* _Exercise instructions_: Reproduce the records that follow exactly; any picture among them stays out.

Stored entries
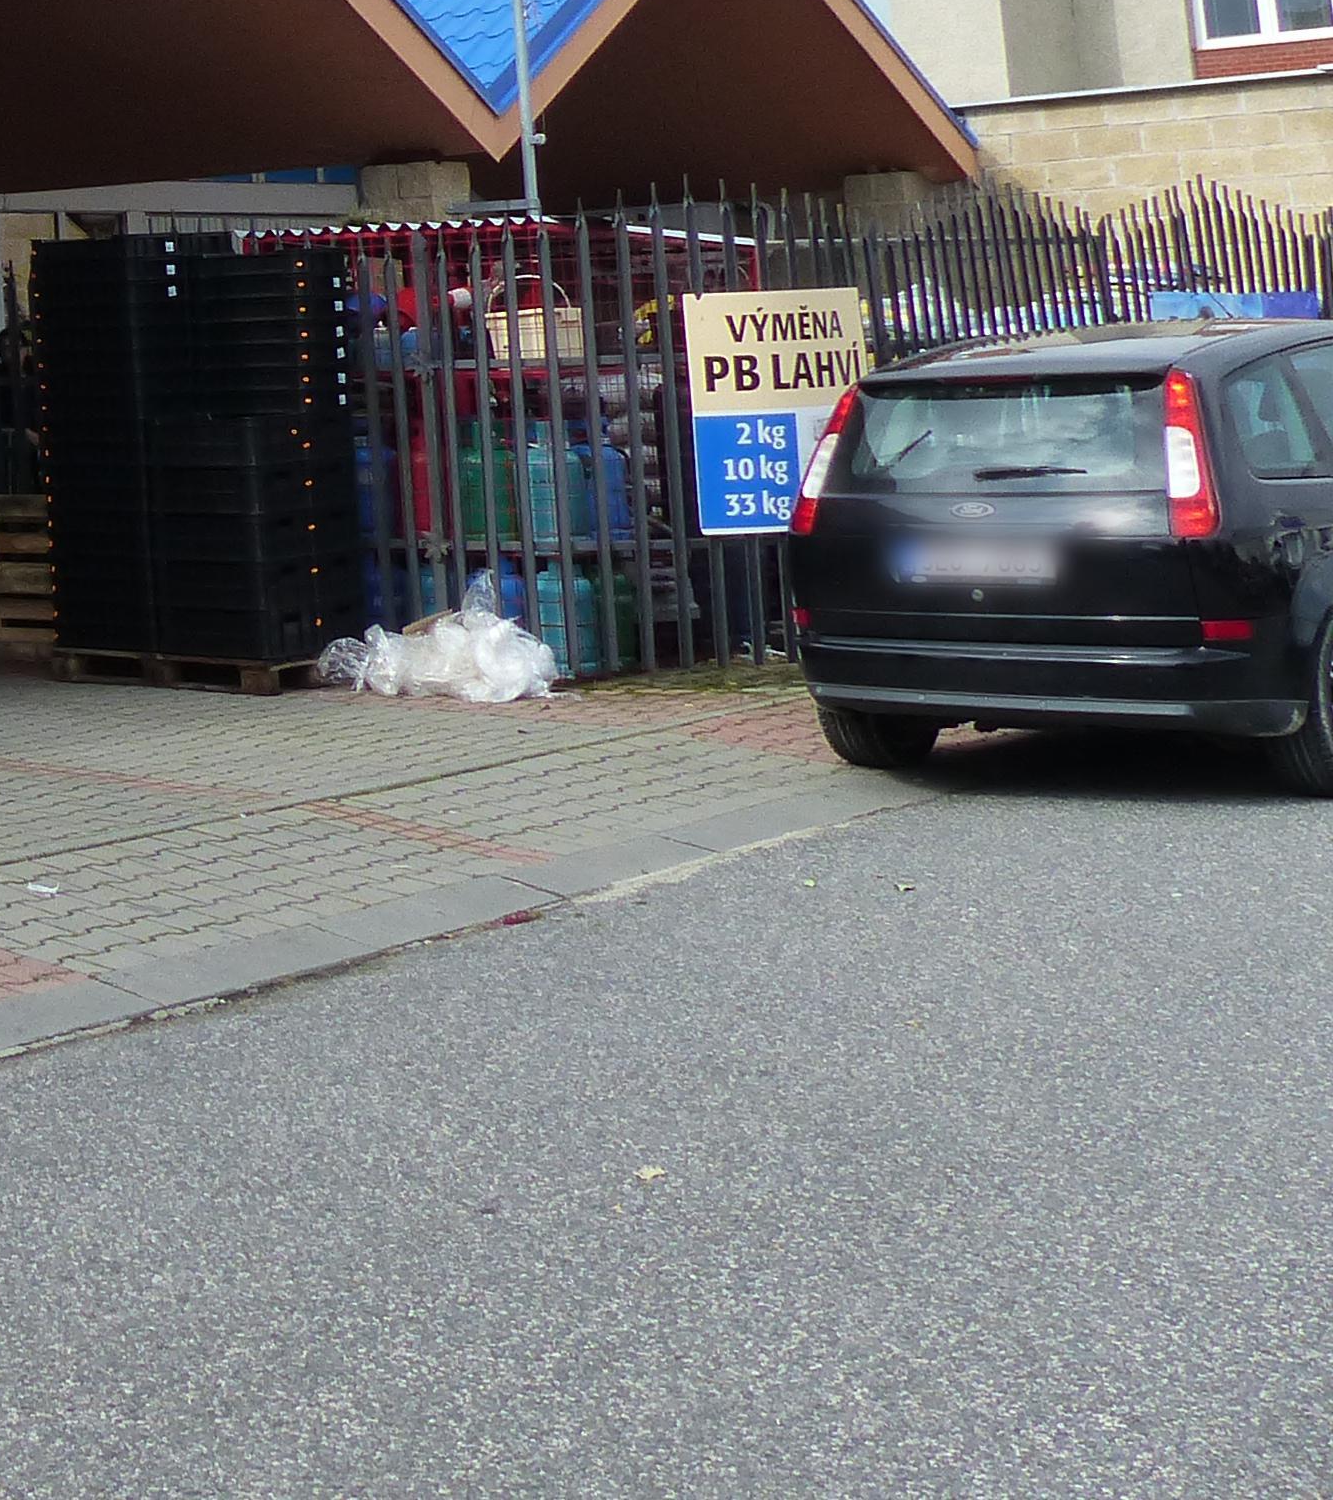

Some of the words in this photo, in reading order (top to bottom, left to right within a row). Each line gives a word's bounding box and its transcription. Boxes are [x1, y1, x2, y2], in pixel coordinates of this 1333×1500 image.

[724, 305, 844, 343] VÝMĚNA
[704, 355, 761, 392] PB
[771, 341, 861, 390] LAHVÍ
[735, 421, 753, 441] 2
[757, 419, 787, 450] kg
[723, 458, 755, 481] 10
[760, 455, 789, 485] kg
[725, 494, 757, 516] 33
[763, 490, 792, 521] kg

* _Solution_:
Some of the words in this photo, in reading order (top to bottom, left to right within a row). Each line gives a word's bounding box and its transcription. Boxes are [x1, y1, x2, y2], in pixel coordinates of this 1333×1500 image.

[724, 305, 844, 343] VÝMĚNA
[704, 355, 761, 392] PB
[771, 341, 861, 390] LAHVÍ
[735, 421, 753, 441] 2
[757, 419, 787, 450] kg
[723, 458, 755, 481] 10
[760, 455, 789, 485] kg
[725, 494, 757, 516] 33
[763, 490, 792, 521] kg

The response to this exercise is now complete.